Pero me equivocaba, he de reconocer que me equivocaba. Existe, al menos, una ciudad en la que la desnudez sí es perseguida, reprimida y multada, y esto aunque se trate de un solo día, y esto aunque se trate de en una playa, donde se supone que es aún más tolerable. Esa ciudad es Cádiz.

El tercer domingo de julio, acudiendo a la llamada realizada por la Federación por el día sin bañador, tres familias decidieron acudir a una de las playas de Cádiz. Los tres hombres y uno de los niños acudieron sin bañador, sus compañeras permanecieron con ropa por temor a las posibles represalias del ayuntamiento. Nuestros tres valientes secundaban el llamamiento a “el libre ejercicio de la desnudez en el máximo número de playas, promoviendo así la convivencia entre las diferentes opciones de tomar el sol y la definitiva normalización de la desnudez en todas las playas”, como reza el manifiesto.
Julián, Juan José y Javier, fueron conminados a vestirse en aplicación de la ordenanza, a pesar de que está recurrida ante el Superior de Justicia y a pesar de que desde el ayuntamiento se había dicho que no se iba a aplicar.

Así pues me equivoqué: sí existe un lugar donde la libertad de ser uno mismo y mostrarse tal cual se reprime incluso si se ejercita sólo un día al año, e incluso si se ejercita en un lugar tan propio para ello como una playa donde es obvia la no necesidad de mojar una ropa para el baño o de esconder al Sol y al viento ninguna parte del cuerpo. Y ese lugar es Cádiz. Como en su día se arrojaban en las cunetas los cadáveres sin identificar de los que pensaban distinto, hoy en día en Cádiz se reprime y expulsa a los que visten distinto: la libertad en Cádiz ha sido arrojada a la cuneta.
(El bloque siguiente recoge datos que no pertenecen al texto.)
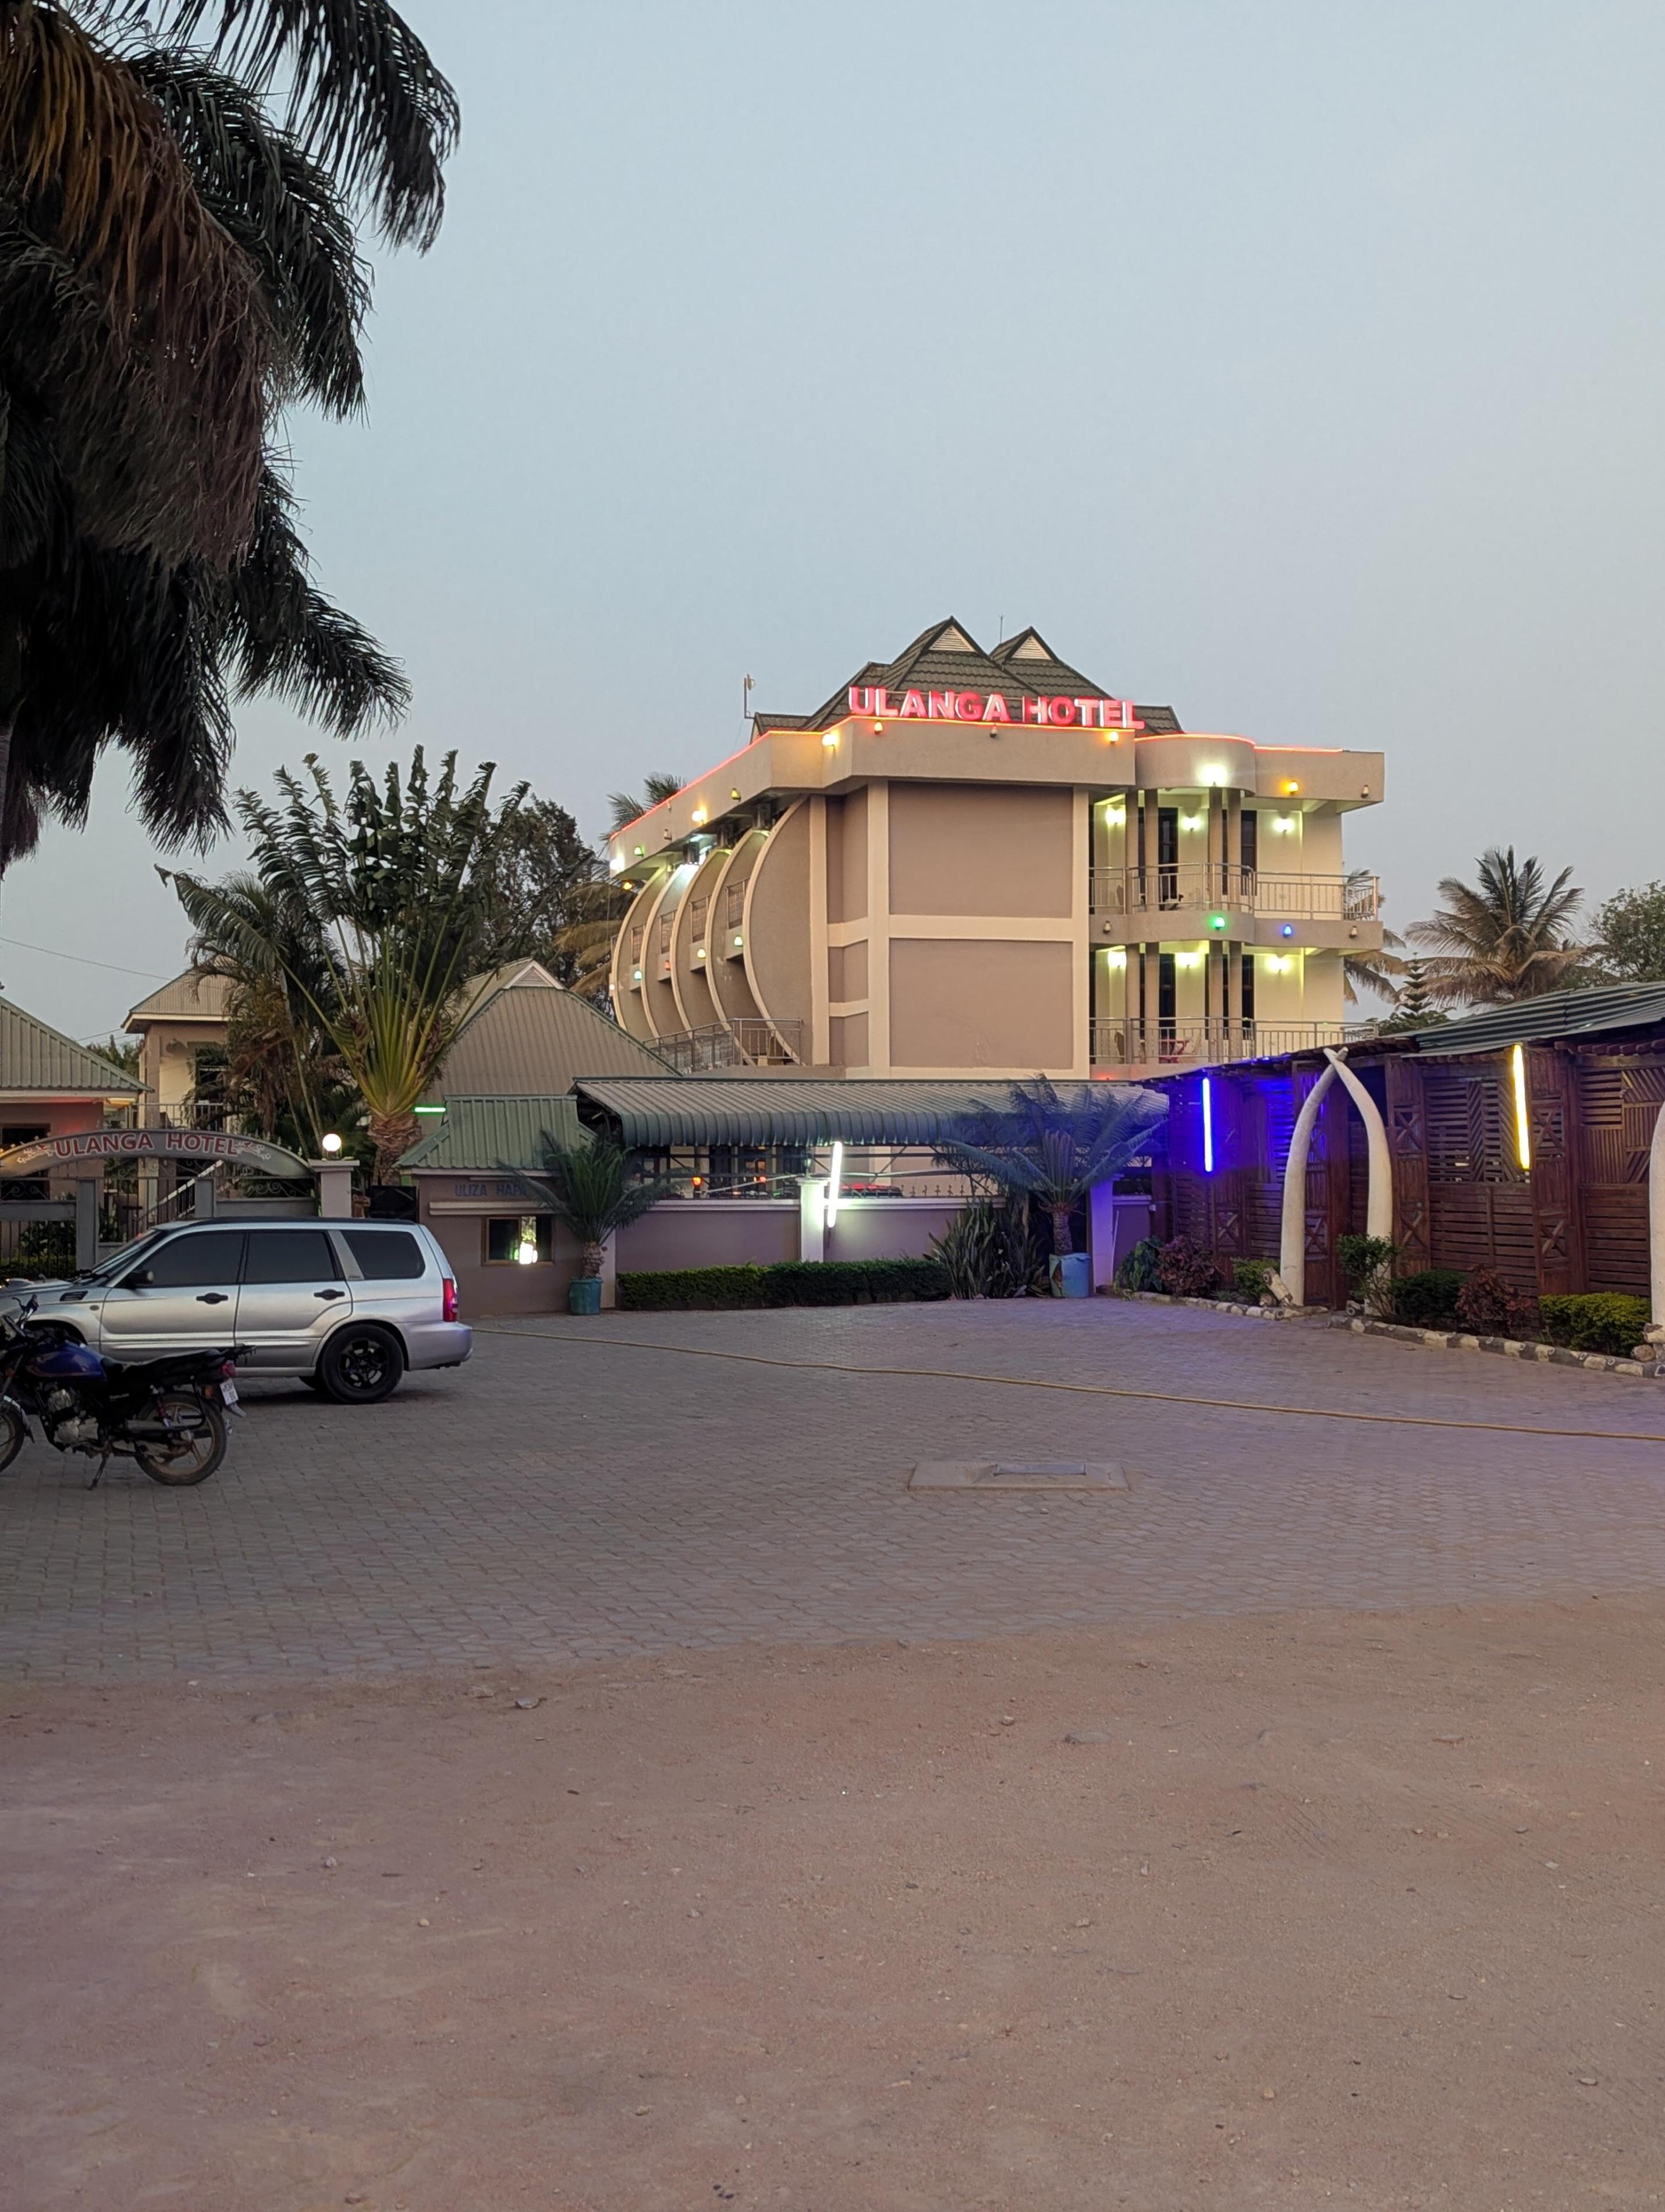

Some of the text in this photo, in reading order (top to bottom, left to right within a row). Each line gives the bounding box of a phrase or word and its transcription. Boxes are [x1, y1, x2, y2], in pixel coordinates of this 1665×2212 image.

[848, 686, 1145, 729] ULANGA HOTEL
[55, 1133, 239, 1157] ULANGA HOTEL
[455, 1184, 488, 1197] ULIZA
Pero nuestros tres ciudadanos y otros muchos seguirán luchando por nuestras libertades, por las de todos, también por las de los miembros del único partido que sacó adelante en solitario la ordenanza que permite perseguir la desnudez natural en las playas. Seguirán luchando para que se eduque a los niños fuera de toda fobia: de la nudofobia, pero también de la homofobia, del racismo, del miedo irracional a lo diferente, del miedo a la libertad, que sigue siendo la idea más radical de todas.
Cádiz, de cuna a cuneta de las libertades.